Entiendo sí que su propuesta es ambiciosa, ¿cuál es la dificultad más grande?
Que estamos muy distraídos, nunca tenemos tiempo. Si regalás un CD muchas veces te dicen: “Ahora lo escucho en el auto”. ¿Te parece que se puede escuchar un disco mientras manejás? Si yo hago música para escuchar, no para bailar, quiere decir que estoy tratando de decir algo. Y si estoy tratando de decir algo deberías poner atención a eso que yo estoy diciendo, de lo contrario, no vas a entender el mensaje. Mientras manejás, con una bocina de aquí y otro ruido de allá, no se puede apreciar una música. Pero recién cuando uno genera una cultura musical dentro de sí mismo lo logra entender. Internet es maravilloso, pero nos está haciendo perder demasiado tiempo. Facebook, Instagram.

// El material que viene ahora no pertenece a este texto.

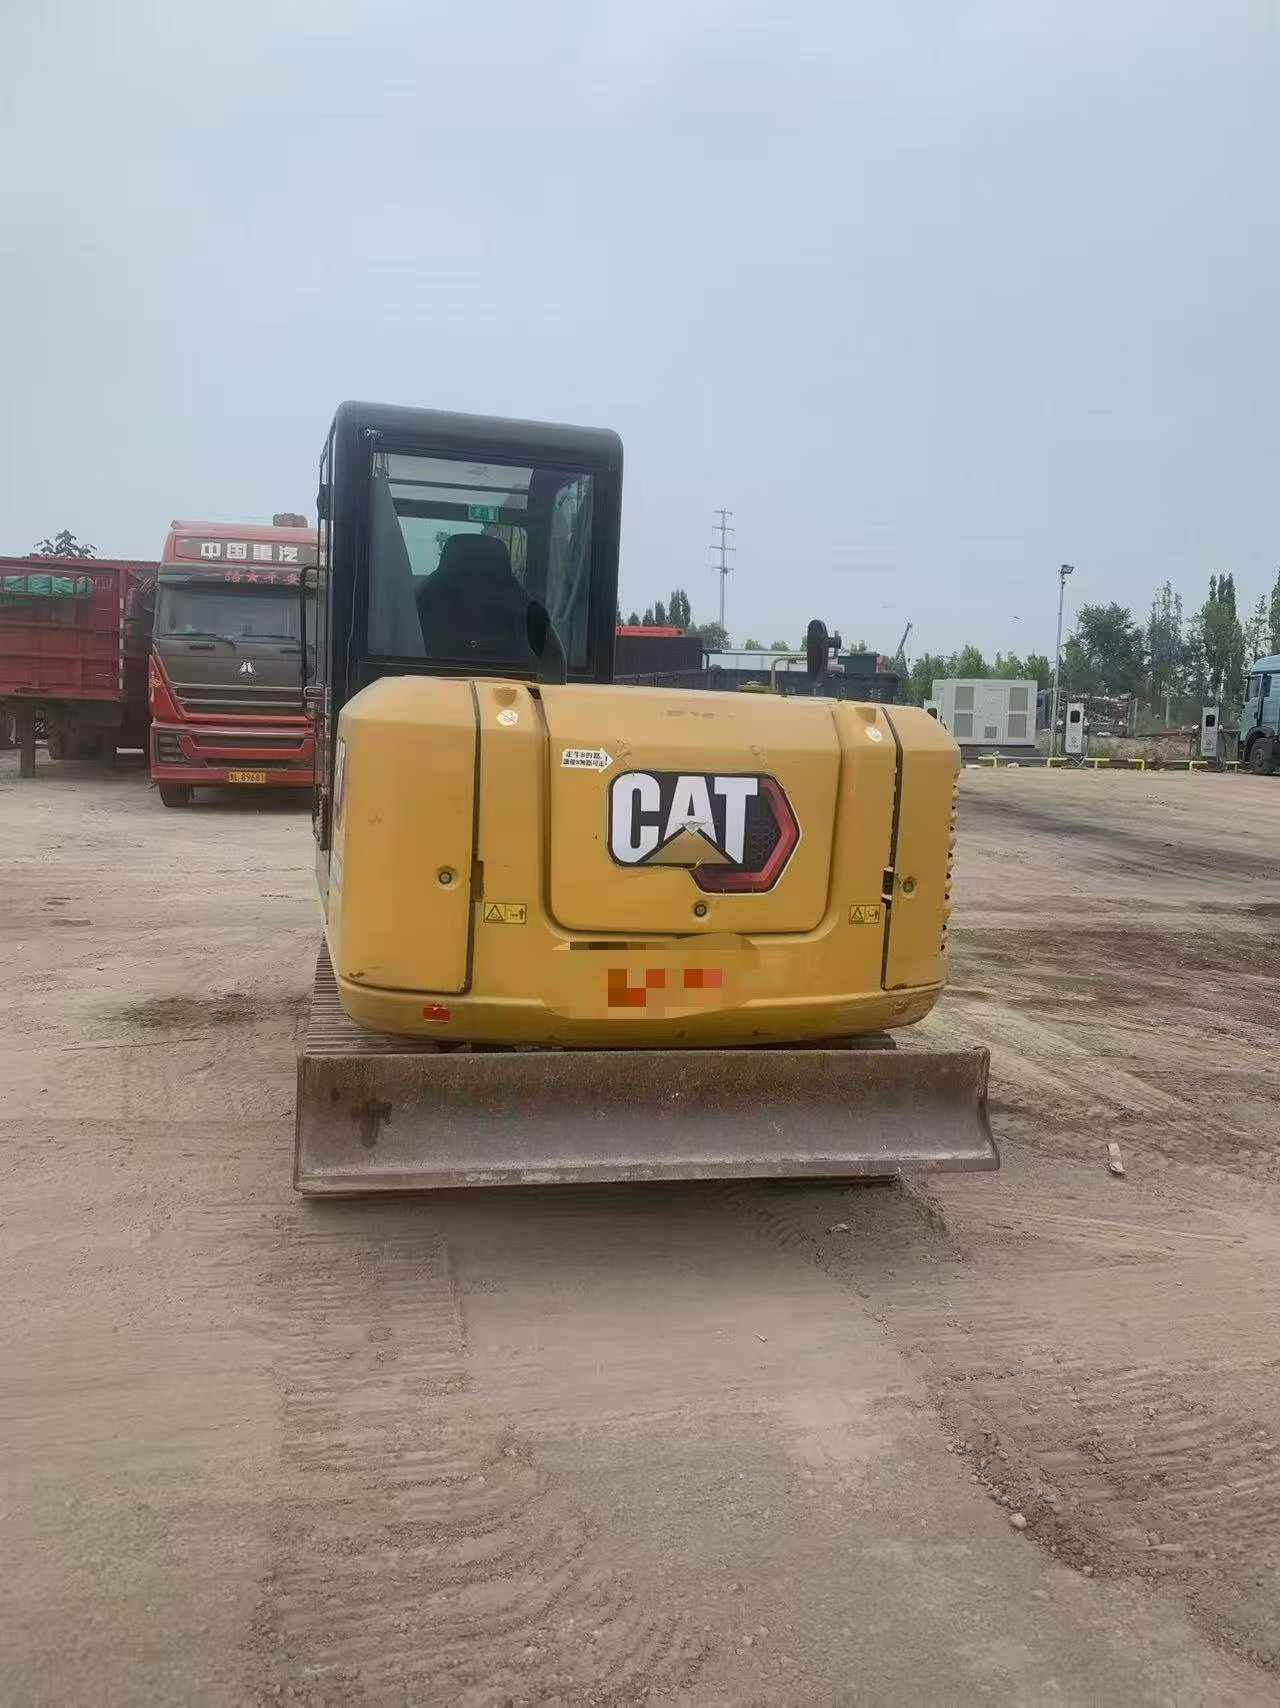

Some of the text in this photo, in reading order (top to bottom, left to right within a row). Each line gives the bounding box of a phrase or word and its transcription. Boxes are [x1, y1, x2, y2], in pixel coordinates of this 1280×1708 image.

[201, 541, 298, 562] 中国重汽
[612, 773, 758, 865] CAT

Los uruguayos, si no son los número uno, son los número dos en materia de... (hace un movimiento frenético con los dedos imitando el uso de un celular). En Alemania, en Austria no pasa. Me hace reír la facilidad con la que los uruguayos... (repite el gesto), veloces. No hay tiempo para escuchar.
Héctor Ulises Passarella presenta Tango de hoy. Viernes 3 a las 20 h en el Auditorio Nacional del Sodre Adela Reta. Entradas de 90 a 760 pesos en Tickantel y boletería de la sala.